I just had Kendra. Kendra was my new best friend, and she alone seemed to see Lisette for what she was.

One day, shortly after the pumpkin incident, Lisette had been singing her solo in chorus, and Kendra leaned over to me. “You hate her, don’t you?”

“What?” Lisette stood in front, her blond hair flowing around her shoulders, singing like an angel. “I was just thinking about the song.”

“Right. If your eyes were lasers, the girl would be dead.”

“Who?” But I knew.

“Your … sister. You can’t stand her. You thought about what I said at the hoedown, and you realized I was right.”

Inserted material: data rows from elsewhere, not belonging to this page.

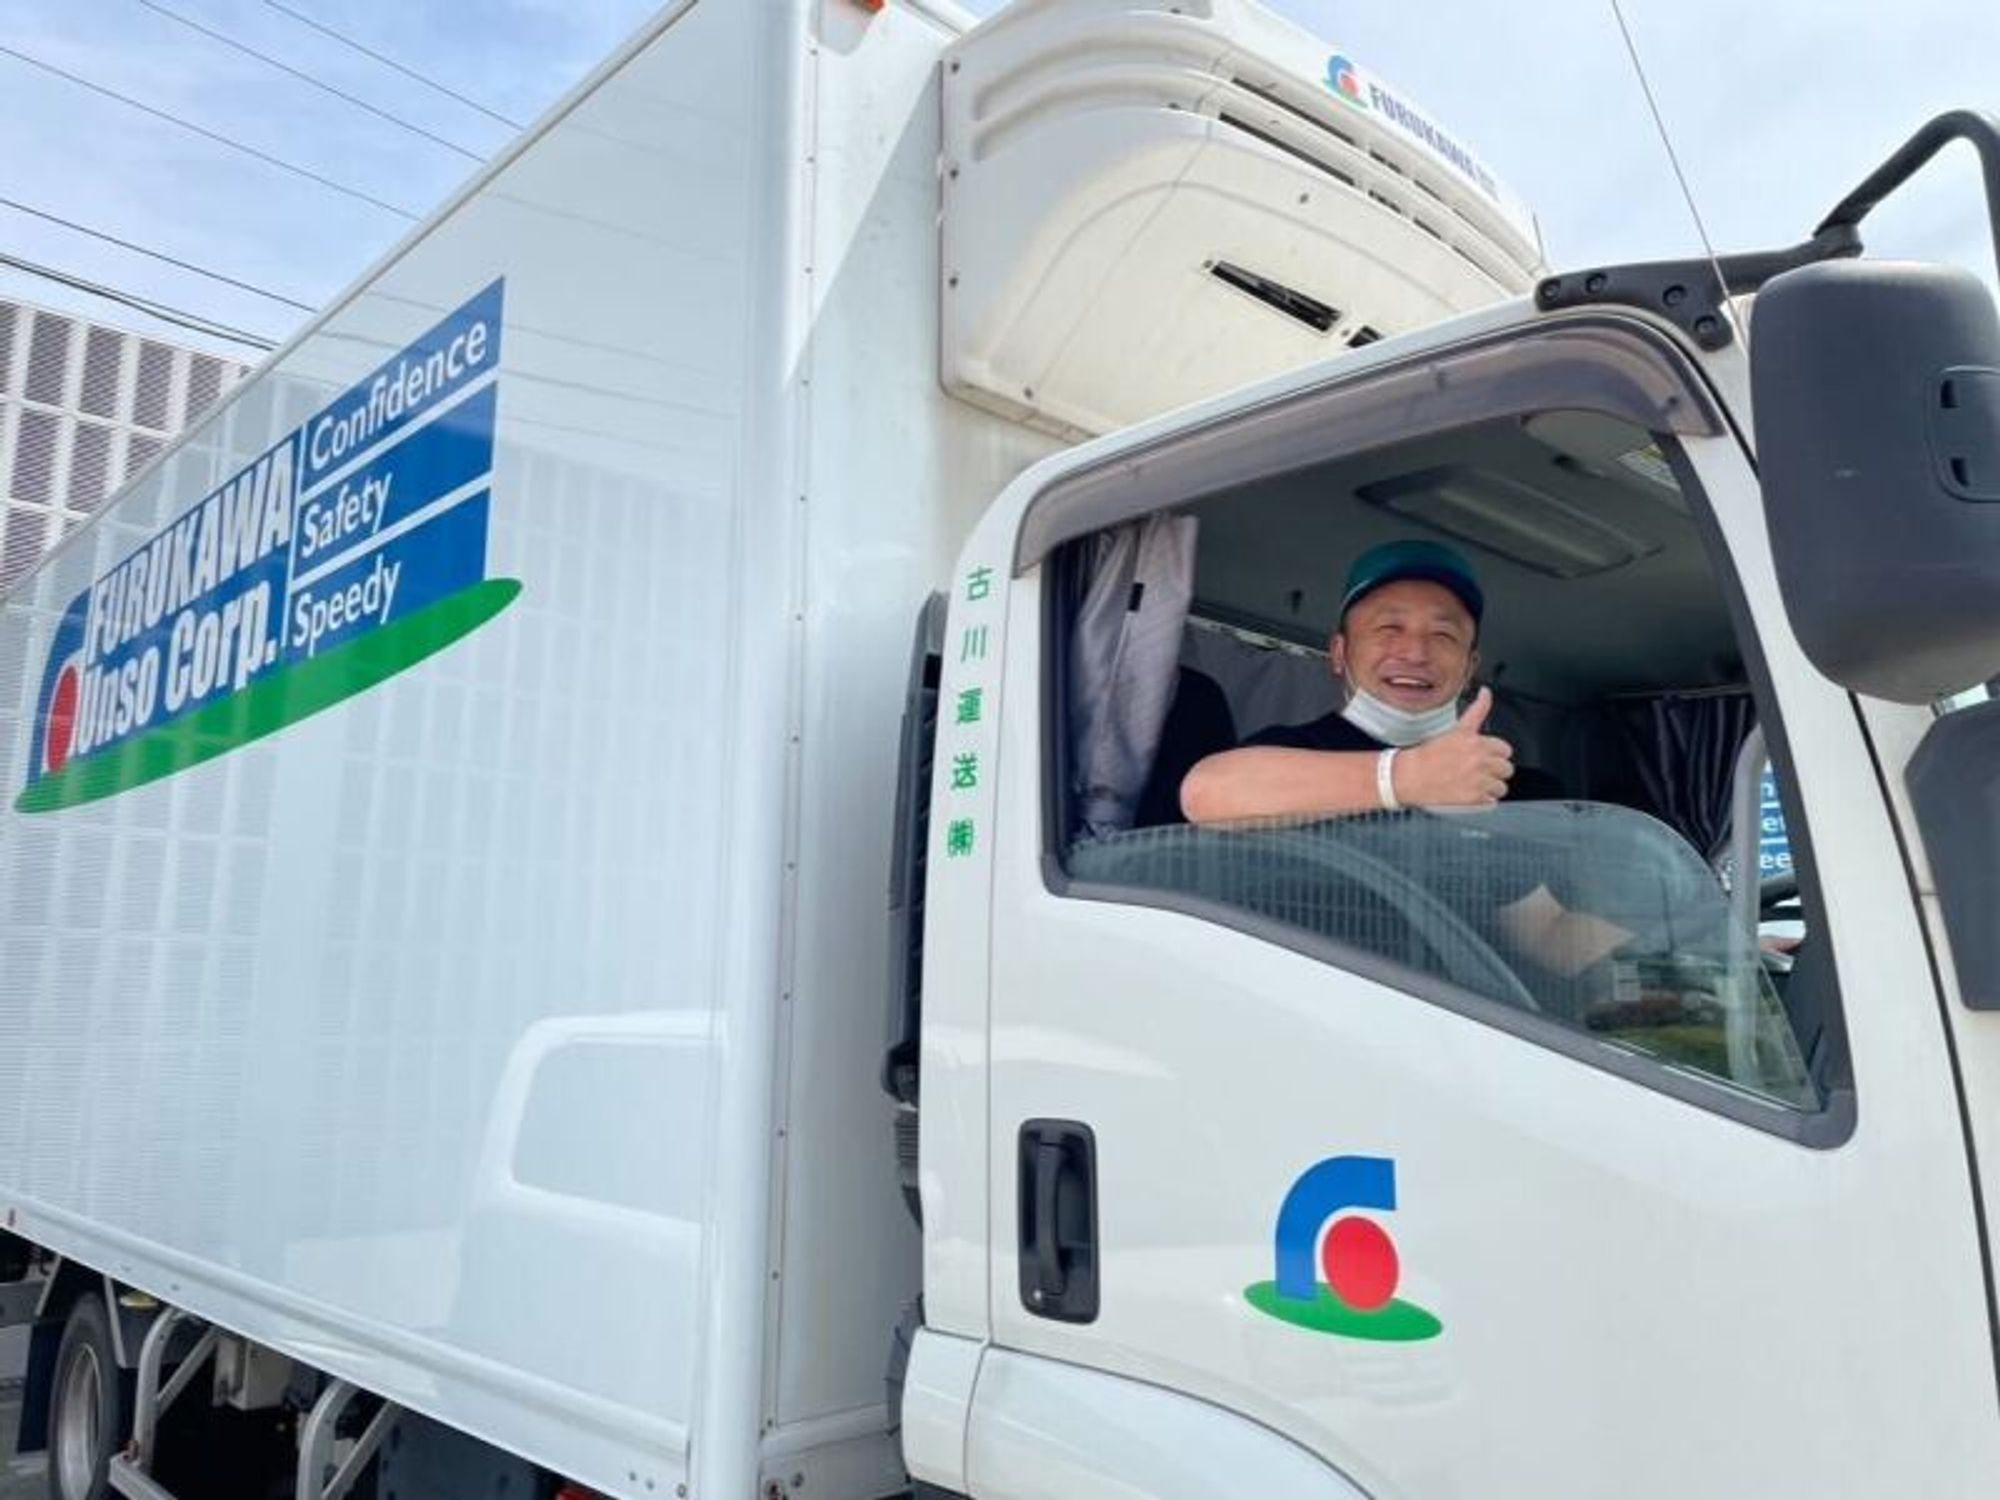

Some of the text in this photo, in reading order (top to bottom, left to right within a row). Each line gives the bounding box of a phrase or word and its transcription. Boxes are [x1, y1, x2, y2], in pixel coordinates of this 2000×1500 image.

[311, 321, 488, 471] Confidence
[88, 439, 294, 666] FURUKAWA
[302, 473, 393, 558] Safety
[79, 580, 276, 755] Unso Corp.
[293, 554, 401, 658] Speedy

Miss Hakes was pointing, gesturing for us to stop talking. Lisette finished her solo. Miss Hakes gave the signal for the chorus to enter.

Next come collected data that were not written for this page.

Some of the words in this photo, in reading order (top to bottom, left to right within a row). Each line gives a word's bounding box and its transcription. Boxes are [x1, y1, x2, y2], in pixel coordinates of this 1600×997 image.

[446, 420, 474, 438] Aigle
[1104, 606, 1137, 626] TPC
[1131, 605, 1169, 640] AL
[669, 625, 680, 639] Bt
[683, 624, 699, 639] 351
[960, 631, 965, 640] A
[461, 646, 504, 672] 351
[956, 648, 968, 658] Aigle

After we finished, Kendra said, “You didn’t answer my question.”

“What?” I glanced at Lisette, who actually looked a little bored. “No, of course not. Everyone loves Lisette. She’s perfect.”

“Exactly. And whenever anyone starts disliking her the teensiest bit—like some people thought she shouldn’t have gotten the solo because she was new—she pulls out the dead mother card.”

“That’s horrible.”
True, but horrible
.

Miss Hakes had us start again, from Lisette’s solo.

“Don’t you wish, for once, she’d fall flat on her face?” Kendra said.

Unconsciously, I nodded.

Suddenly Lisette’s throat cracked. Then she started coughing, choking really, and holding her chest.

Miss Hakes ran to her. “Lisette! Lisette, are you okay?”

Lisette couldn’t stop coughing. Beside me, I noticed Kendra chuckling.

Miss Hakes yelled for someone to get Lisette some water, and eventually, Lisette stopped hacking. People realized she wasn’t actually dying or anything, but she said she didn’t feel up to doing the solo that day. Miss Hakes let me do it that once.

It wasn’t fun, though. I didn’t just want to do the solo. I wanted to be the best, and I wasn’t, not at singing, not at anything, not compared to Lisette.

Kendra and I sort of bonded after that. Well, as much as you could bond with Kendra. It was weird. She seemed to have no life outside school, like she didn’t exist. At least, she never went to anyone’s house or had anyone over to hers. But we sat together at lunch and studied in the library. She was really my only friend at that point. In high school, you need all the friends you can get.

Oh, and Warner? His family moved to Orlando during winter break of eighth grade. I still didn’t have a boyfriend. Lisette, of course, had dozens, or at least dozens of guys who were in love with her. But what would you expect? She was beautiful.

2

Creepy things about tenth grade: Mr. Fischer, my chem teacher, had a snake. Some people thought it was cool. I wasn’t one of them. I had nothing against snakes per se. The thing that bothered me about it was that I knew Mickey ate mice.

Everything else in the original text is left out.